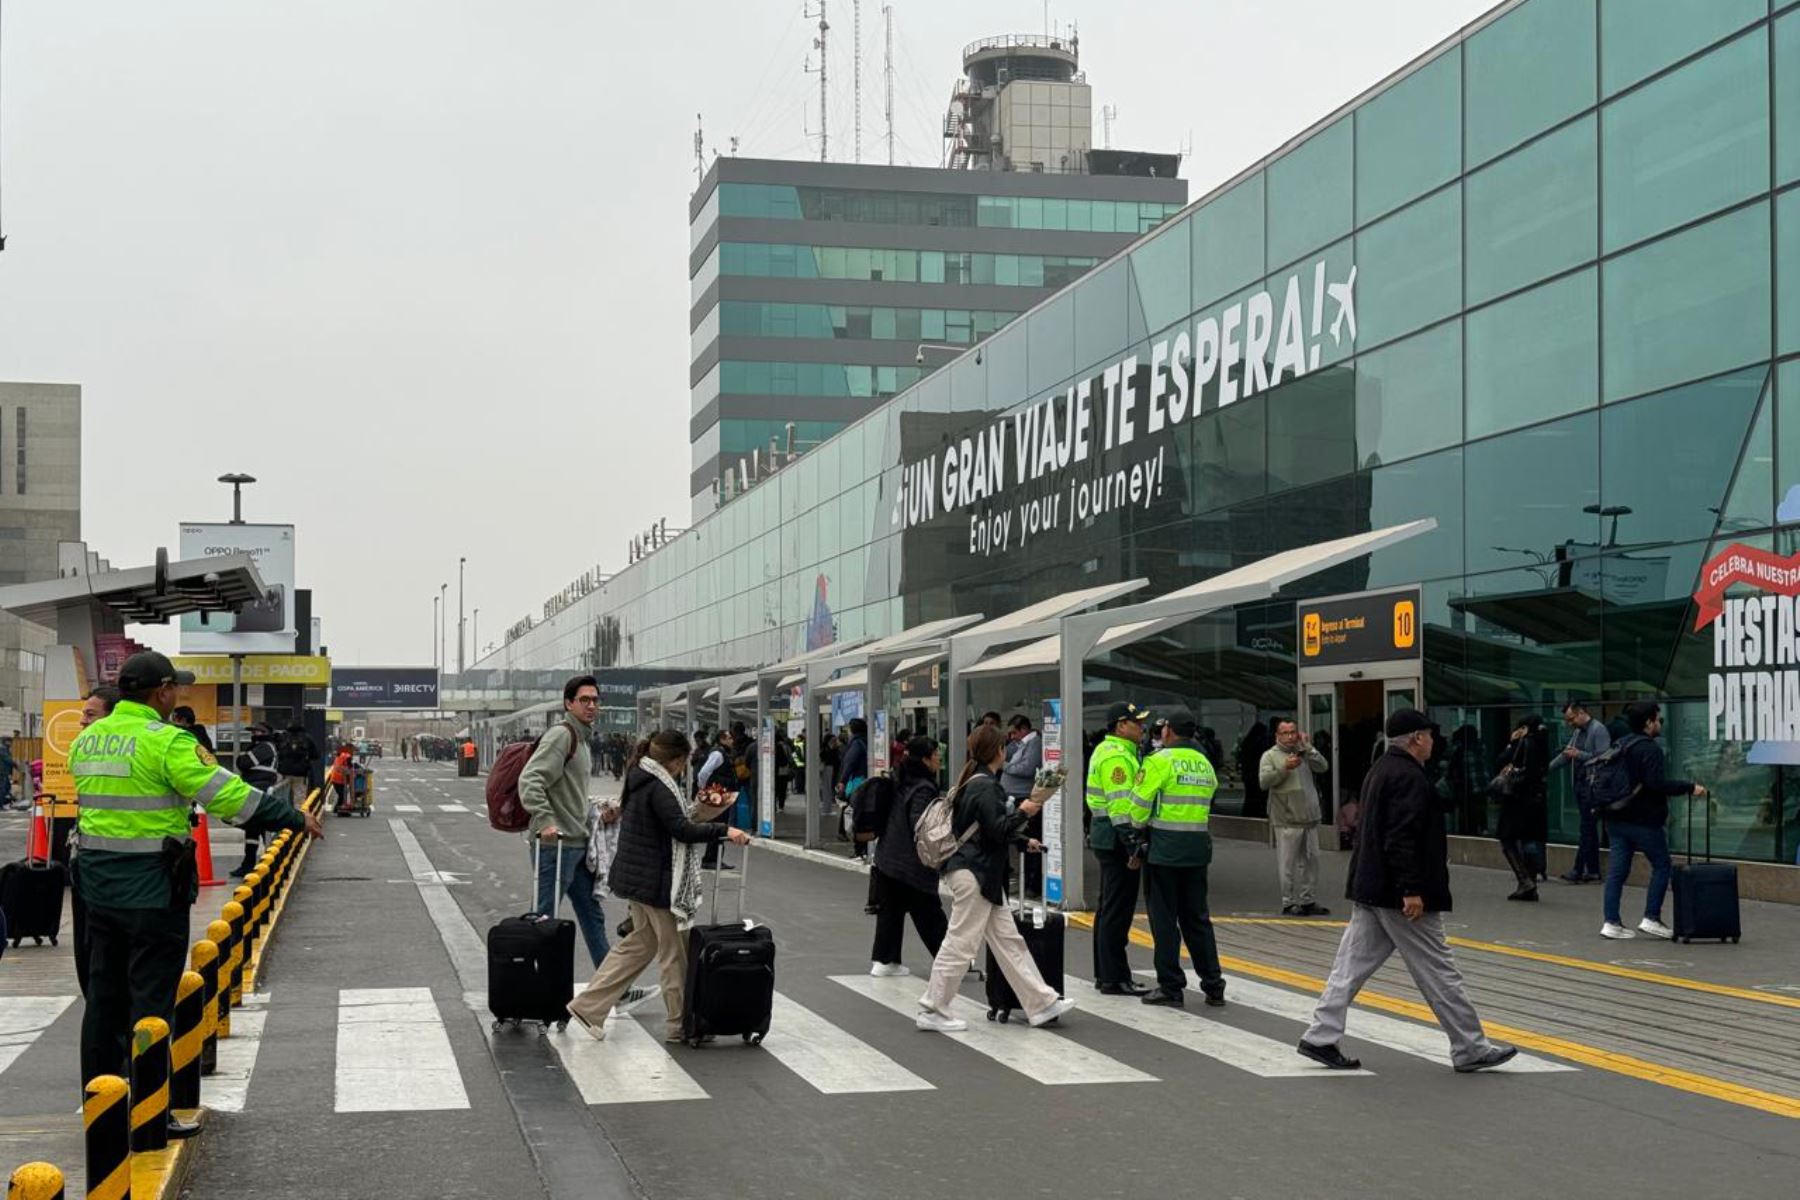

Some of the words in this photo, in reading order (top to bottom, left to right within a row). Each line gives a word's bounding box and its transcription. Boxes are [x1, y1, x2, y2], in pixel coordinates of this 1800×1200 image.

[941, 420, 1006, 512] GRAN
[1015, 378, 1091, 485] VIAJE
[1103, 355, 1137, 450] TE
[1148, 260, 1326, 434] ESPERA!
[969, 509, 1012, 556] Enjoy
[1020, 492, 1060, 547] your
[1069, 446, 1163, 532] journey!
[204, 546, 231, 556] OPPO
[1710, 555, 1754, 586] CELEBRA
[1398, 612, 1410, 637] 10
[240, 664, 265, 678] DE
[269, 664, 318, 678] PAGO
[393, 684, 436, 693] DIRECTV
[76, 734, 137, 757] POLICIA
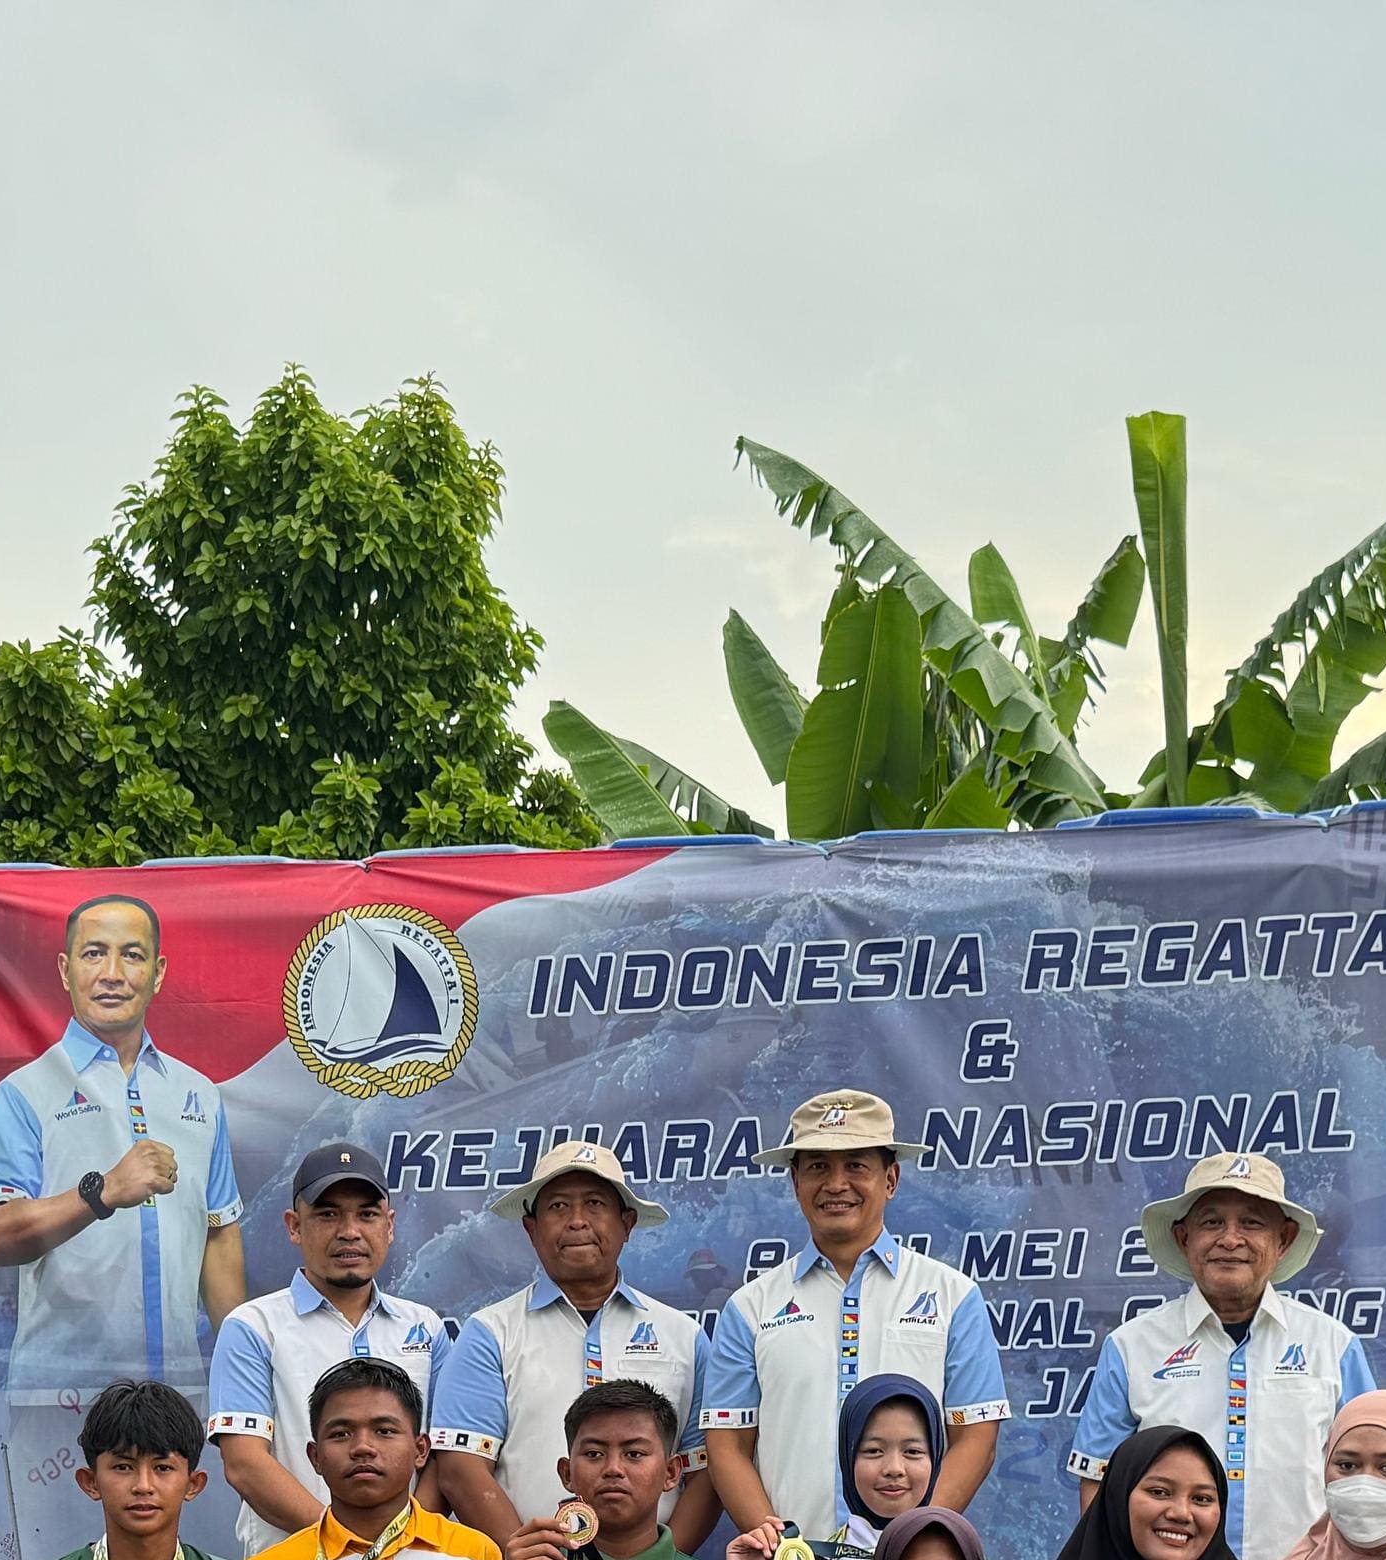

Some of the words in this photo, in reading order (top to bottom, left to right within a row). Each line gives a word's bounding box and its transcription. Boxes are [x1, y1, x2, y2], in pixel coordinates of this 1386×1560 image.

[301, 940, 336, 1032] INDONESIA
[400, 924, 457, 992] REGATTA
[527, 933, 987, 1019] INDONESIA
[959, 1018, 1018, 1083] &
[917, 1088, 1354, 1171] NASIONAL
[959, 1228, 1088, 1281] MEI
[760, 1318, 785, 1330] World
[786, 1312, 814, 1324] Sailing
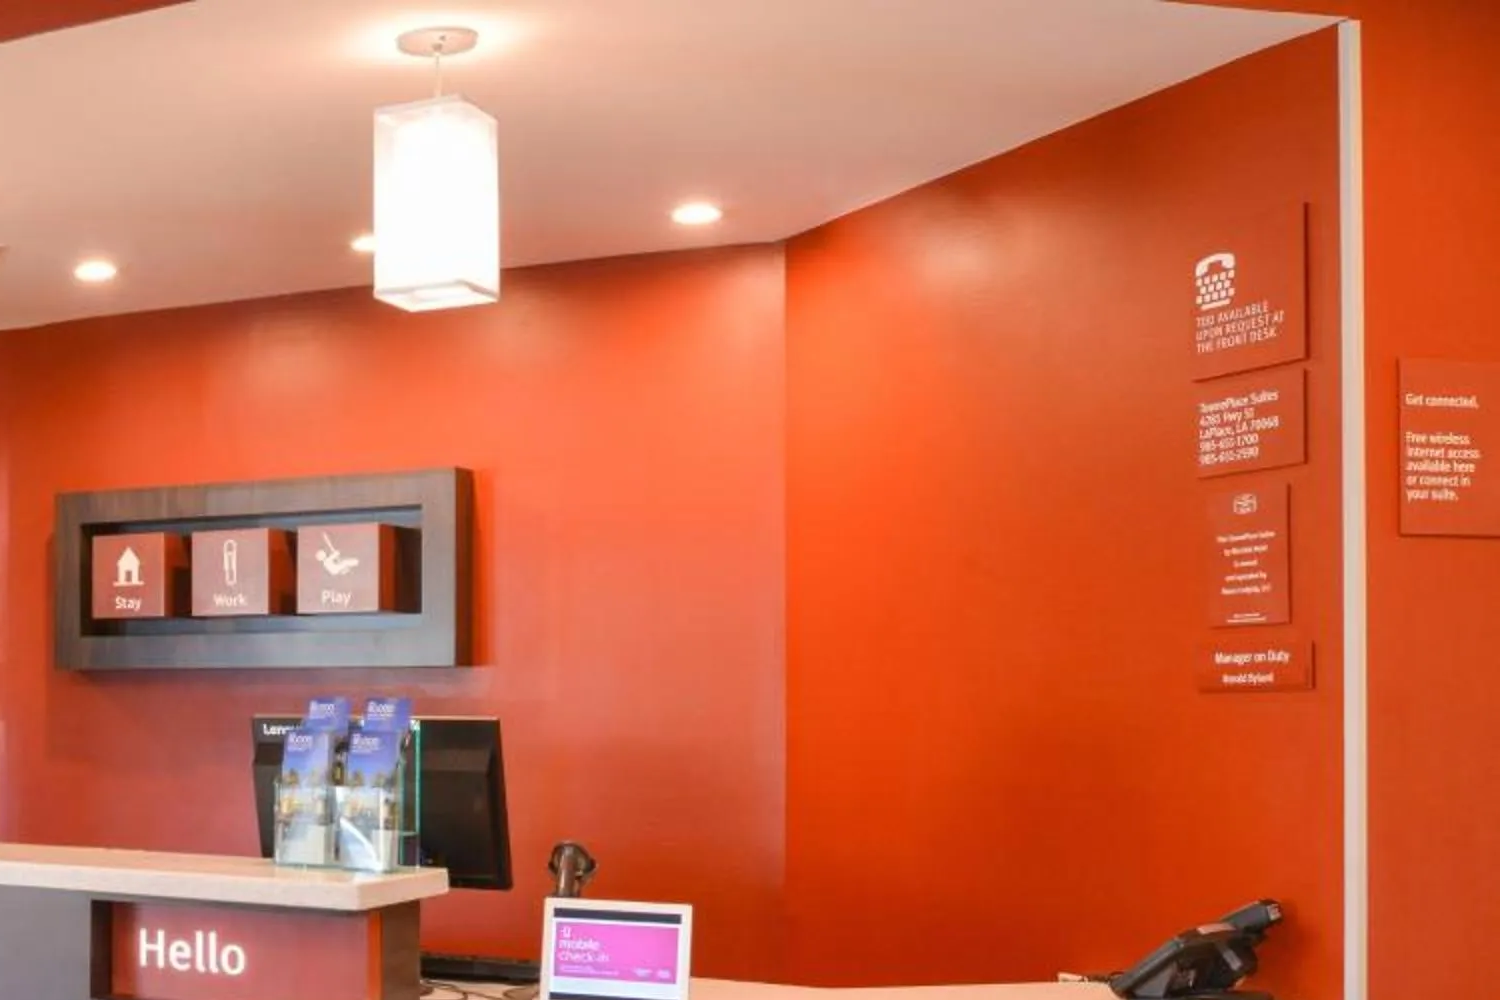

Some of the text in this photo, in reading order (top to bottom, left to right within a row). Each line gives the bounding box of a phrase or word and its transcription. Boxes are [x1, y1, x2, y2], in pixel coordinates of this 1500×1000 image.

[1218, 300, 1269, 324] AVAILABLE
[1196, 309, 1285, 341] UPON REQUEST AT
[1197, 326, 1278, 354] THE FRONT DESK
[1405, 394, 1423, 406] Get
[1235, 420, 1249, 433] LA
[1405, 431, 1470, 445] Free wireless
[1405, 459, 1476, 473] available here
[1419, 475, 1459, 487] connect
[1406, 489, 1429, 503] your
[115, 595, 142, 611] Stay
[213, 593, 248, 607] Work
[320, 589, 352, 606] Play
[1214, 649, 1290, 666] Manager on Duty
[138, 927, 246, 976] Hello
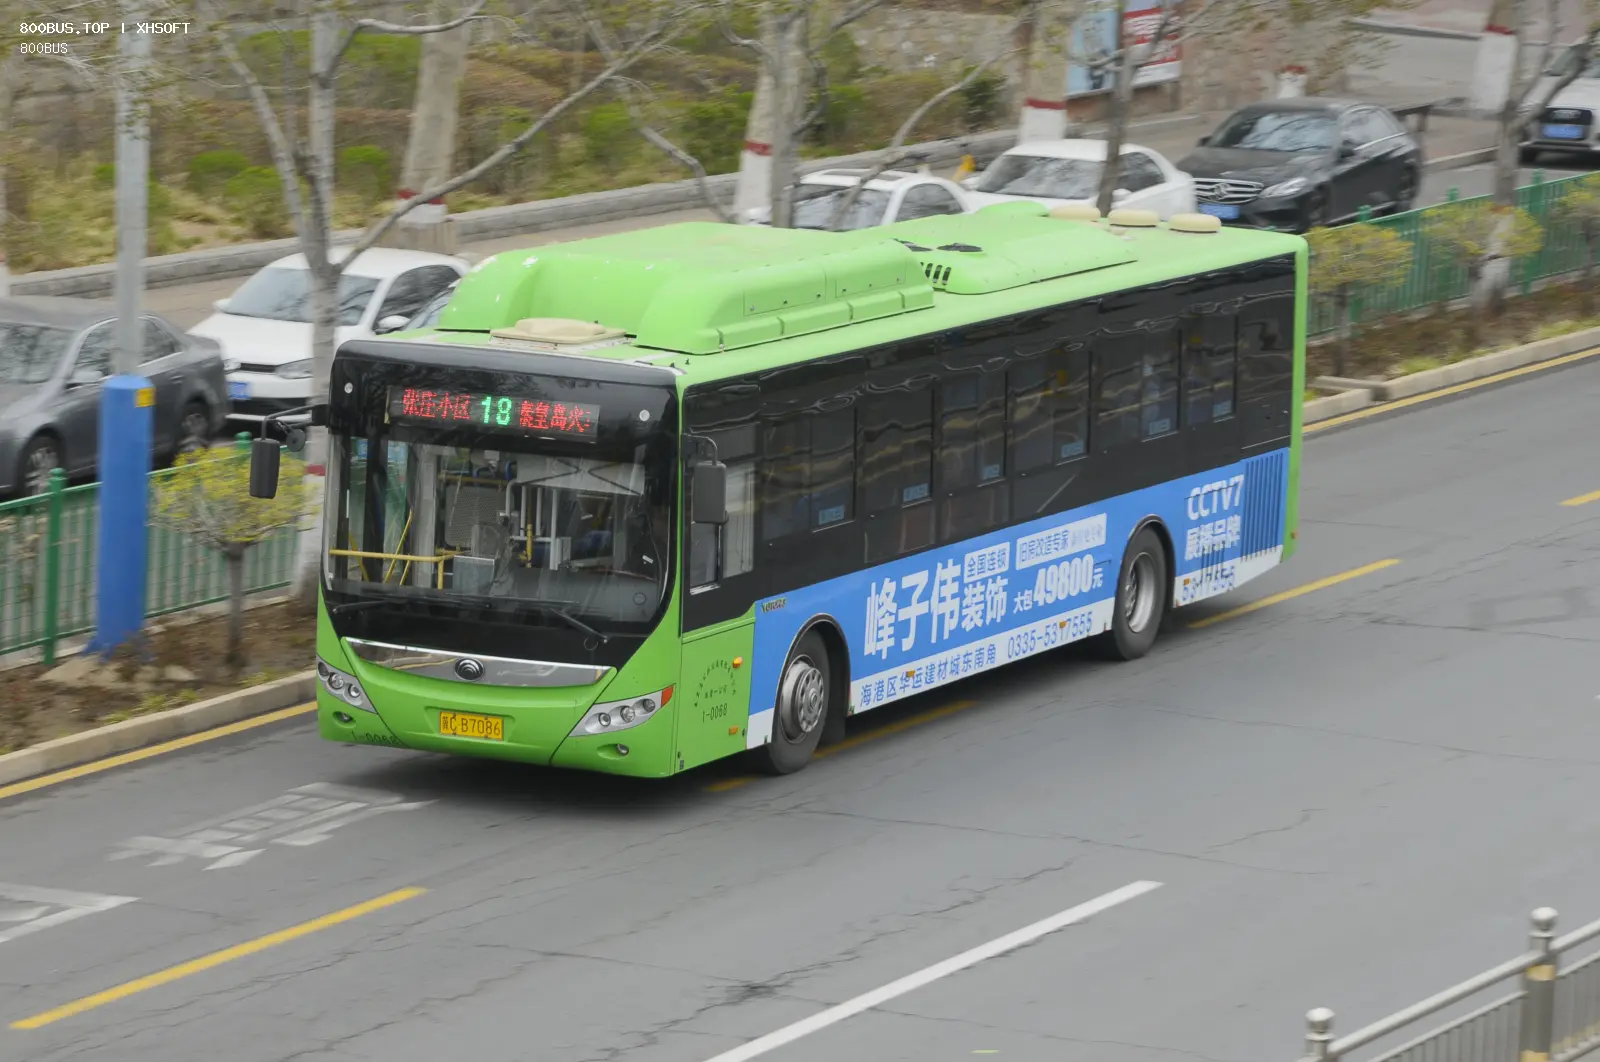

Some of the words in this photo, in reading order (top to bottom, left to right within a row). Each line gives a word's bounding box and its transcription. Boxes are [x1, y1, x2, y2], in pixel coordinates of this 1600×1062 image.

--

■ **PROBLEM STATEMENT**:
Please print every record exactly, leaving out the pictures.

■ **THE COMPLETED TASK**:
Some of the words in this photo, in reading order (top to bottom, left to right within a row). Each line gives a word's bounding box and its transcription. Boxes are [x1, y1, x2, y2], in pixel coordinates of this 1800×1200 image.

[941, 420, 1006, 512] GRAN
[1015, 378, 1091, 485] VIAJE
[1103, 355, 1137, 450] TE
[1148, 260, 1326, 434] ESPERA!
[969, 509, 1012, 556] Enjoy
[1020, 492, 1060, 547] your
[1069, 446, 1163, 532] journey!
[204, 546, 231, 556] OPPO
[1710, 555, 1754, 586] CELEBRA
[1398, 612, 1410, 637] 10
[240, 664, 265, 678] DE
[269, 664, 318, 678] PAGO
[393, 684, 436, 693] DIRECTV
[76, 734, 137, 757] POLICIA

Some of the words in this photo, in reading order (top to bottom, left to right within a row). Each line gives a word's bounding box and its transcription. Boxes are [x1, y1, x2, y2], in pixel coordinates of this 1386×1560 image.

[301, 940, 336, 1032] INDONESIA
[400, 924, 457, 992] REGATTA
[527, 933, 987, 1019] INDONESIA
[959, 1018, 1018, 1083] &
[917, 1088, 1354, 1171] NASIONAL
[959, 1228, 1088, 1281] MEI
[760, 1318, 785, 1330] World
[786, 1312, 814, 1324] Sailing

Some of the text in this photo, in reading order (top to bottom, left to right within a row). Each line gives the bounding box of a phrase or word and its transcription. Boxes are [x1, y1, x2, y2], in pixel coordinates of this 1500×1000 image.

[1218, 300, 1269, 324] AVAILABLE
[1196, 309, 1285, 341] UPON REQUEST AT
[1197, 326, 1278, 354] THE FRONT DESK
[1405, 394, 1423, 406] Get
[1235, 420, 1249, 433] LA
[1405, 431, 1470, 445] Free wireless
[1405, 459, 1476, 473] available here
[1419, 475, 1459, 487] connect
[1406, 489, 1429, 503] your
[115, 595, 142, 611] Stay
[213, 593, 248, 607] Work
[320, 589, 352, 606] Play
[1214, 649, 1290, 666] Manager on Duty
[138, 927, 246, 976] Hello

Some of the words in this photo, in reading order (top to bottom, left to right within a row). Each line gives a word's bounding box and its transcription. Boxes are [x1, y1, x2, y2], in pixel coordinates of this 1600×1062 image.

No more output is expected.